The reply should return the data in full, exactly as written.

===== Data section =====

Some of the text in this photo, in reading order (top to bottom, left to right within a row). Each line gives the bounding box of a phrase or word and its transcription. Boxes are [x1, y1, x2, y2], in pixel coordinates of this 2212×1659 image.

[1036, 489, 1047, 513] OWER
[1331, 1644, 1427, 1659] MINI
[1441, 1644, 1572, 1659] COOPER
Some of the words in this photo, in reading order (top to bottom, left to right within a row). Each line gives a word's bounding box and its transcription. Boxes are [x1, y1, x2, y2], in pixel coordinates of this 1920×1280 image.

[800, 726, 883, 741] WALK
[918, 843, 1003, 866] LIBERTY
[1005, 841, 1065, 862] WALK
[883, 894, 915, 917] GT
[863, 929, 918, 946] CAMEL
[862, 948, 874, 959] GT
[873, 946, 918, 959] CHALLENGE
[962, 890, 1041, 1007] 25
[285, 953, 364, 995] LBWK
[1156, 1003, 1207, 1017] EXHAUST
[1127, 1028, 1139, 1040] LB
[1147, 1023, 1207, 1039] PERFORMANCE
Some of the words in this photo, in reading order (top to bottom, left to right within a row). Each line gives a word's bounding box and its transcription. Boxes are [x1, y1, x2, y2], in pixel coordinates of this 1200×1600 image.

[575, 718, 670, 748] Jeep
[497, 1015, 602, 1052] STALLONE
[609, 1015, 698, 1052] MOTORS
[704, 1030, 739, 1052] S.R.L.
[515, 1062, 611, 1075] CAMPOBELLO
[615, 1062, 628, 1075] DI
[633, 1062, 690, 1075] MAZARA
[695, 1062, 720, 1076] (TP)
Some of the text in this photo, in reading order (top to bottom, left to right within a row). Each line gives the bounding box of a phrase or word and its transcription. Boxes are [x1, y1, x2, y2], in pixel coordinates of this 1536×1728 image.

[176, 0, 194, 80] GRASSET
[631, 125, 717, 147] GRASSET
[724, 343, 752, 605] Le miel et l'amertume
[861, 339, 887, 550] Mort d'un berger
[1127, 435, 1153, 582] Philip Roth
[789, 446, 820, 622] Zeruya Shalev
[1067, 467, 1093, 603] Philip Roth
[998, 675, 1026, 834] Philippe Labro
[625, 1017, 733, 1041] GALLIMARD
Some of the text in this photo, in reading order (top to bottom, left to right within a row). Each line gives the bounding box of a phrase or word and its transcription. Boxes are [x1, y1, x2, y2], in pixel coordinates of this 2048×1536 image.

=====

▸ Exercise result
Some of the text in this photo, in reading order (top to bottom, left to right within a row). Each line gives the bounding box of a phrase or word and its transcription. Boxes are [x1, y1, x2, y2], in pixel coordinates of this 2212×1659 image.

[1036, 489, 1047, 513] OWER
[1331, 1644, 1427, 1659] MINI
[1441, 1644, 1572, 1659] COOPER
Some of the words in this photo, in reading order (top to bottom, left to right within a row). Each line gives a word's bounding box and its transcription. Boxes are [x1, y1, x2, y2], in pixel coordinates of this 1920×1280 image.

[800, 726, 883, 741] WALK
[918, 843, 1003, 866] LIBERTY
[1005, 841, 1065, 862] WALK
[883, 894, 915, 917] GT
[863, 929, 918, 946] CAMEL
[862, 948, 874, 959] GT
[873, 946, 918, 959] CHALLENGE
[962, 890, 1041, 1007] 25
[285, 953, 364, 995] LBWK
[1156, 1003, 1207, 1017] EXHAUST
[1127, 1028, 1139, 1040] LB
[1147, 1023, 1207, 1039] PERFORMANCE
Some of the words in this photo, in reading order (top to bottom, left to right within a row). Each line gives a word's bounding box and its transcription. Boxes are [x1, y1, x2, y2], in pixel coordinates of this 1200×1600 image.

[575, 718, 670, 748] Jeep
[497, 1015, 602, 1052] STALLONE
[609, 1015, 698, 1052] MOTORS
[704, 1030, 739, 1052] S.R.L.
[515, 1062, 611, 1075] CAMPOBELLO
[615, 1062, 628, 1075] DI
[633, 1062, 690, 1075] MAZARA
[695, 1062, 720, 1076] (TP)
Some of the text in this photo, in reading order (top to bottom, left to right within a row). Each line gives the bounding box of a phrase or word and its transcription. Boxes are [x1, y1, x2, y2], in pixel coordinates of this 1536×1728 image.

[176, 0, 194, 80] GRASSET
[631, 125, 717, 147] GRASSET
[724, 343, 752, 605] Le miel et l'amertume
[861, 339, 887, 550] Mort d'un berger
[1127, 435, 1153, 582] Philip Roth
[789, 446, 820, 622] Zeruya Shalev
[1067, 467, 1093, 603] Philip Roth
[998, 675, 1026, 834] Philippe Labro
[625, 1017, 733, 1041] GALLIMARD
Some of the text in this photo, in reading order (top to bottom, left to right within a row). Each line gives the bounding box of a phrase or word and its transcription. Boxes are [x1, y1, x2, y2], in pixel coordinates of this 2048×1536 image.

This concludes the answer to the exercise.